August 23, 2020
KAMPALA, UGANDA — No one wanted to name Nakitto Flavio’s baby.
At a traditional ceremony, the infant’s aunt refused because the newborn’s sex was unclear. Flavio’s husband wouldn’t do it either. In fact, he declared the child cursed and left the family.
Flavio’s anguish is common for Ugandan parents of intersex children, who are often rejected both by their extended family and by a society where issues of gender and sexuality can churn up heated debate and even violence.
“It’s so unfortunate that the general East African society has always responded with denial, hostility and, at best, silence on these matters pertaining to sexual development and related health and rights concerns,” says a report by Support Initiative for People with Congenital Disorders, an intersex rights organization based in Kampala, Uganda’s capital.
Some intersex children are killed as infants, according to the report. Others are abandoned or dumped in pits.
Those who survive are often raised in secrecy and isolation. And as teenagers, some are forced to leave school or end up on the streets.

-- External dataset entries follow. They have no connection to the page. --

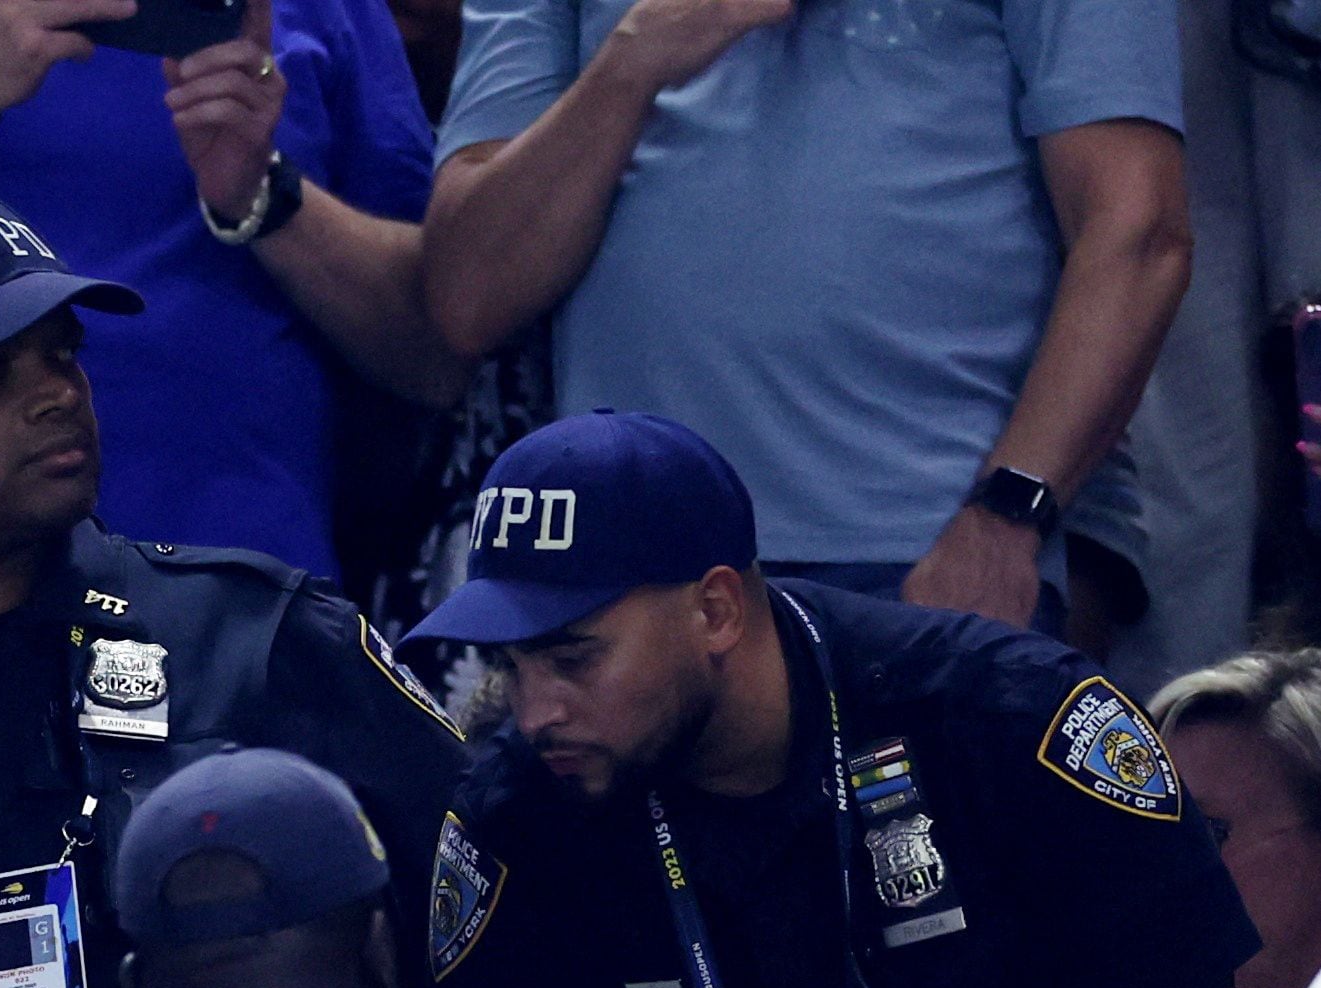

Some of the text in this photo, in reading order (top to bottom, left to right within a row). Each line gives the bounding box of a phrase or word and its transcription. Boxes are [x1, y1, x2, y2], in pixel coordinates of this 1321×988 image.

[100, 718, 147, 731] RAHMAN
[1061, 693, 1101, 740] POLICE
[833, 735, 843, 760] US
[1065, 697, 1124, 772] DEPARTMENT
[1132, 713, 1177, 795] NEW YORK
[835, 763, 848, 811] OPEN
[1094, 780, 1157, 809] CITY OF
[655, 822, 672, 845] US
[662, 848, 686, 890] 2023
[34, 921, 49, 936] G
[458, 907, 487, 944] YORK
[41, 940, 50, 954] 1
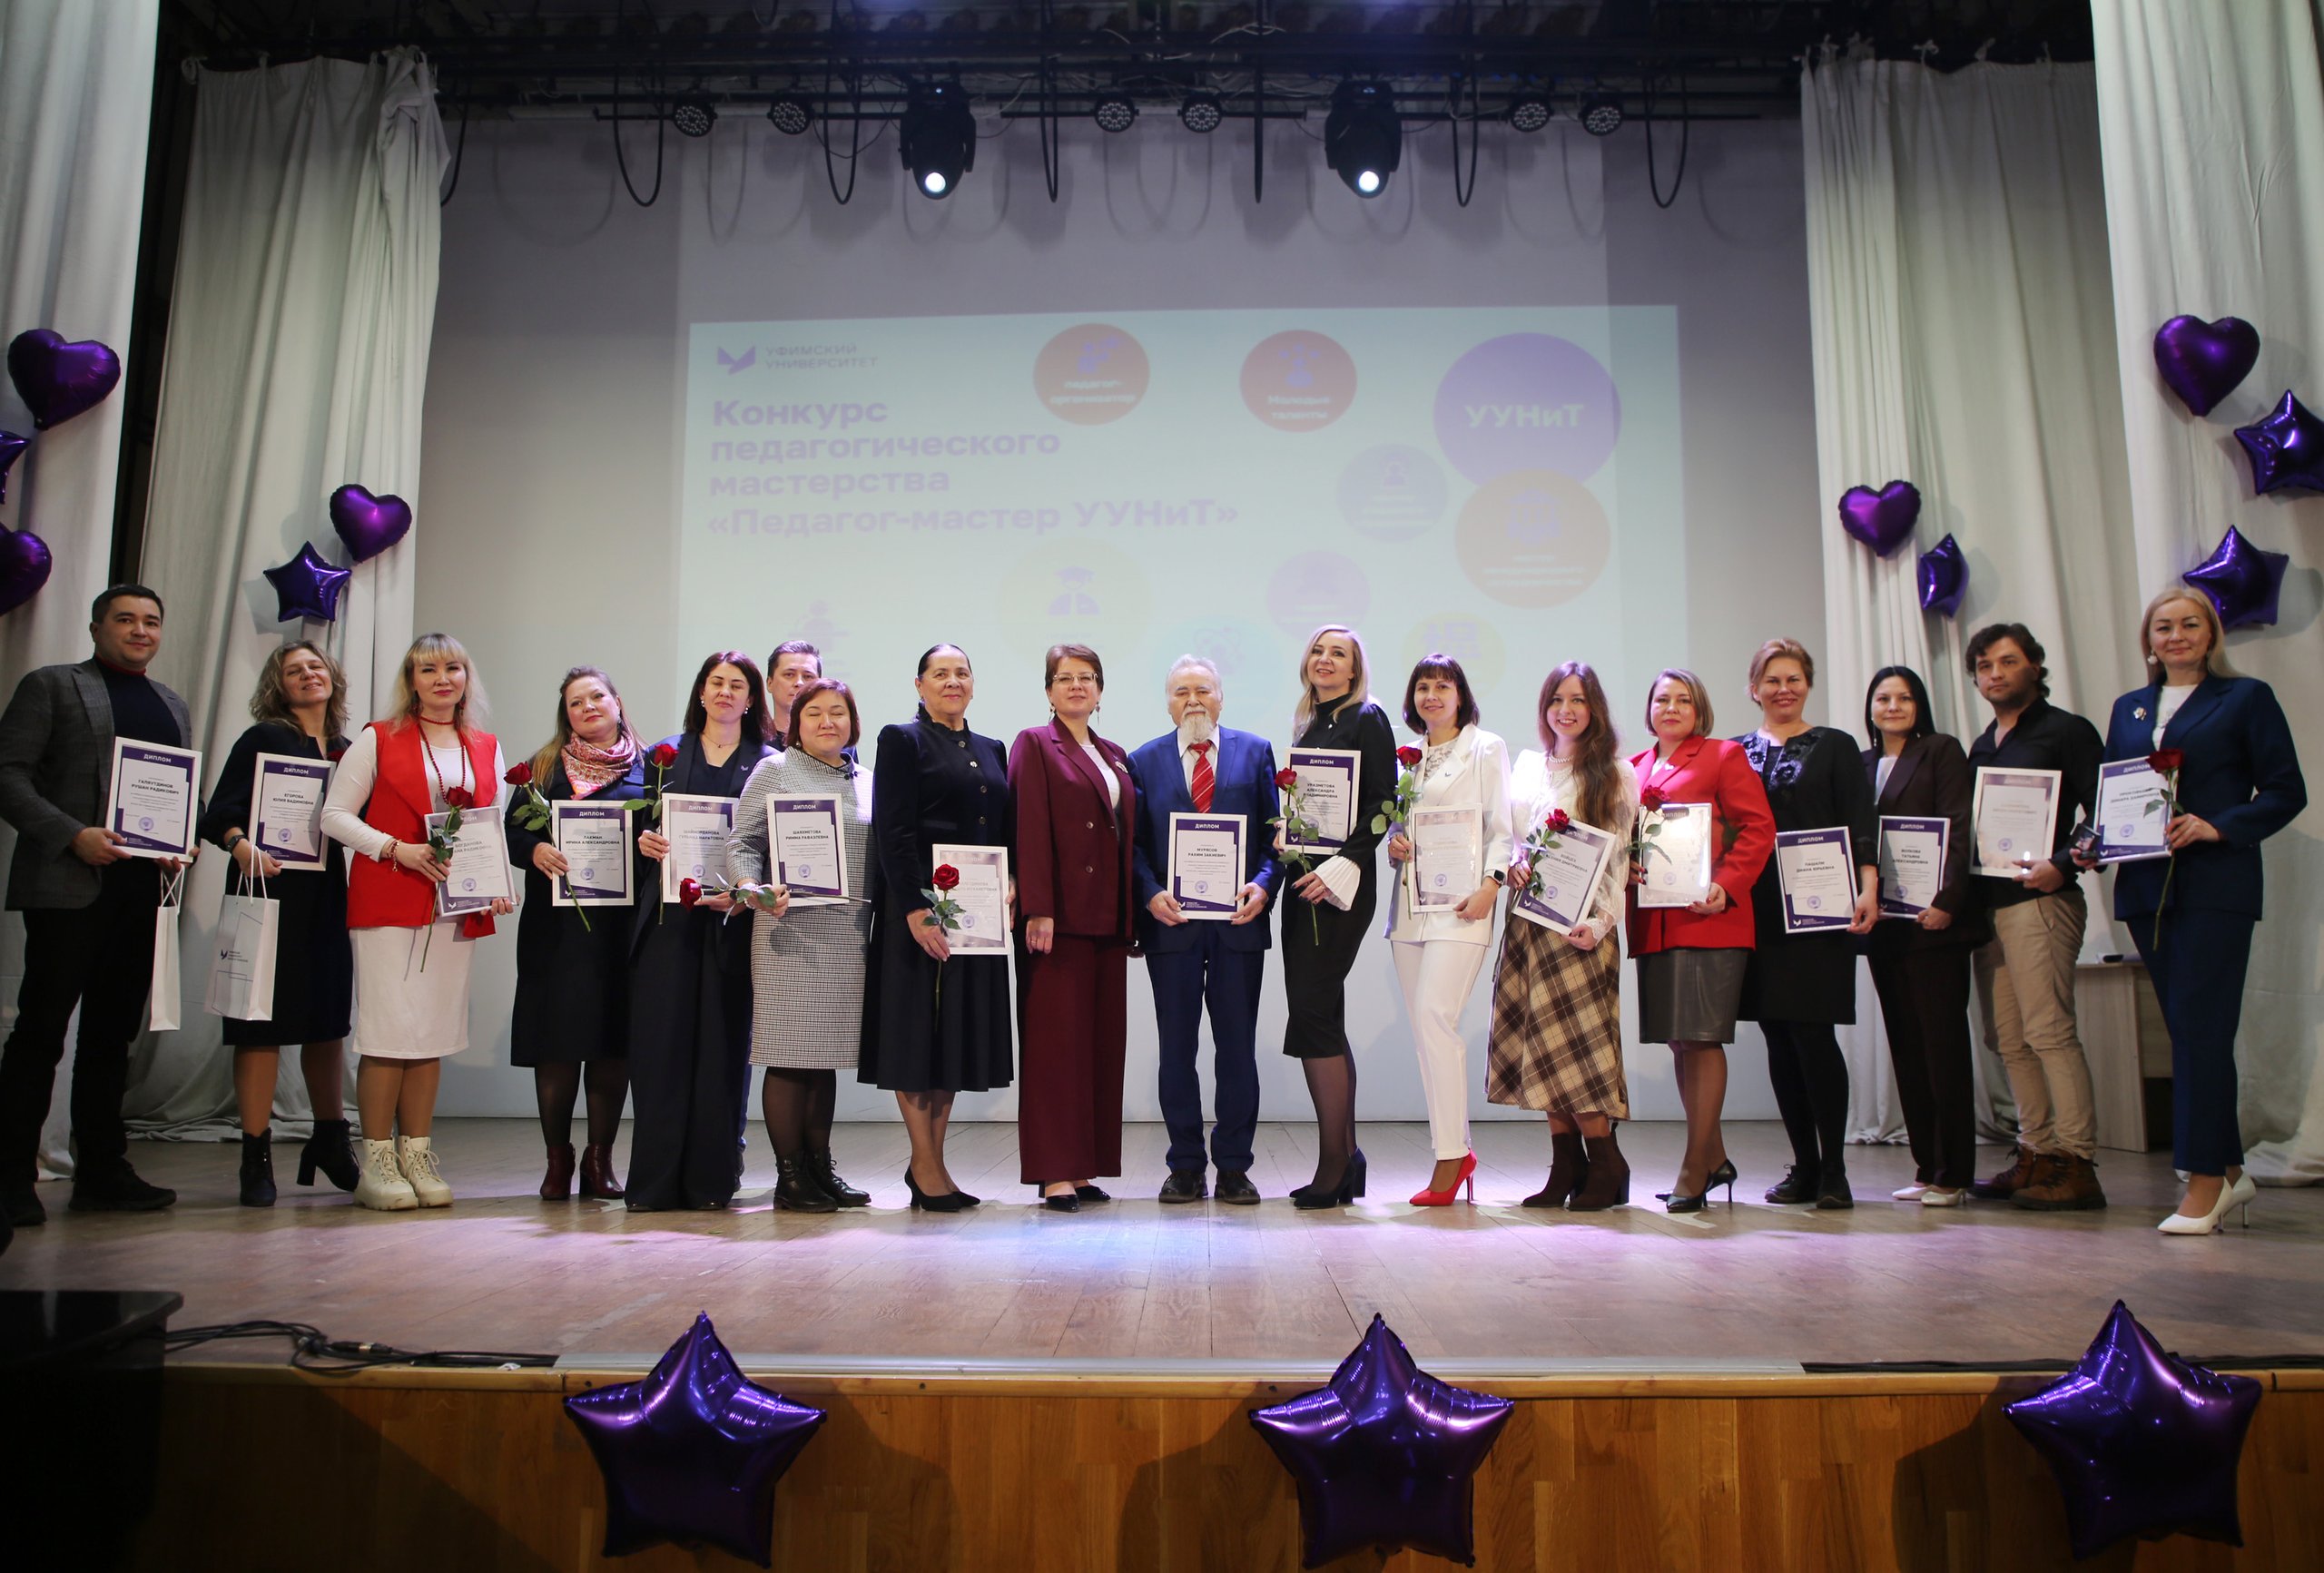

The World Health Organization identifies an intersex person as someone born with physical or biological traits that do not fit the typical definitions of male or female.
No one knows how many intersex persons live in Uganda, but the Support Initiative for People with Congenital Disorders indicates that since 2008 it has worked with 1,402 people in the country.
Intersex children often suffer their first trauma as newborns, as families refuse to name them. Not naming a baby holds deep practical and symbolic meaning, experts say: It defines the child as a nonperson.
“Many were raised in secrecy, discriminated against, killed and in some circumstances mystified as half-humans, or in some African communities, seen as semi-gods,” says Deusdedit Nkurunziza, a former professor in the College of Humanities and Social Sciences at Makerere University.
Among the Baganda people in central Uganda, and throughout Africa, naming ceremonies remain a rite of passage that involves a respected elder in the baby’s extended family, such as an aunt, uncle or grandparent.
Josephat Kawaddwa has 31 grandchildren and 19 great-grandchildren. He says when a clan won’t name a child, it is rejecting the newborn.
“Specific names belong to specific clans,” says Kawaddwa, who is 81. “Clans give a sense of belonging. That is how we, the Baganda, identify each other. So when a child is presented before me to give a name and I refuse, it’s an indication that I believe the child isn’t my family and can’t belong to my clan, because clanship is lineage.”
The child of Roselyn Bilabwa and her husband, Henry, went four months with no name.
They took their 2-week-old intersex baby to Henry’s father, but he declined to name the newborn.
Bilabwa recalls, “He called our child a kikulekule, a Luganda word for a nonhuman being, an it, a form of creation that no person in his clan could ever give birth to.”
“By refusing to name our baby, it was evident that my father had discriminated against one of his own blood,” says Henry, who asked to be identified by only his first name for fear of stigmatization. “My child was denied a place, a lineage in my family.”
Henry says they tried a female name but dropped it after their community asked, “Is she really a girl?” Finally, a doctor in a hospital named the baby.
“It was hard living with a nameless child,” Henry says.
Parents often choose surgery to confirm gender identity. That’s what Bilabwa and Henry want for their child, as they say they can’t handle the stigma. Their doctor, however, has urged them to wait until the baby turns 2, when Ugandan doctors recommend testing for the child’s primary sex genes.
Flavio vividly recalls her baby’s naming ceremony. Her then-husband’s sister sized up the 3-day-old infant from head to toe and noted that the newborn looked like Flavio’s spouse.
“She said my baby had her father’s forehead, but because the child was neither a boy nor a girl, she couldn’t give the baby a name,” Flavio says. “Such a child would never be accepted in her extended family.”
Flavio uses female pronouns for her child for now, but she knows that may not last.
“I have heard of stories where parents decided the gender for their children and took them for surgery,” Flavio says. “But the child, upon growing, identified with a different gender.”
Flavio’s child is now 6 years old, with light skin, her mother’s feet and lots of hair. The mother chose to name the baby herself.
“I had to choose a name for her that is clan- and family-neutral,” Flavio says.
She chose Kirabo.
The name means “gift.”
Nakisanze Segawa, GPJ, translated some interviews from Luganda.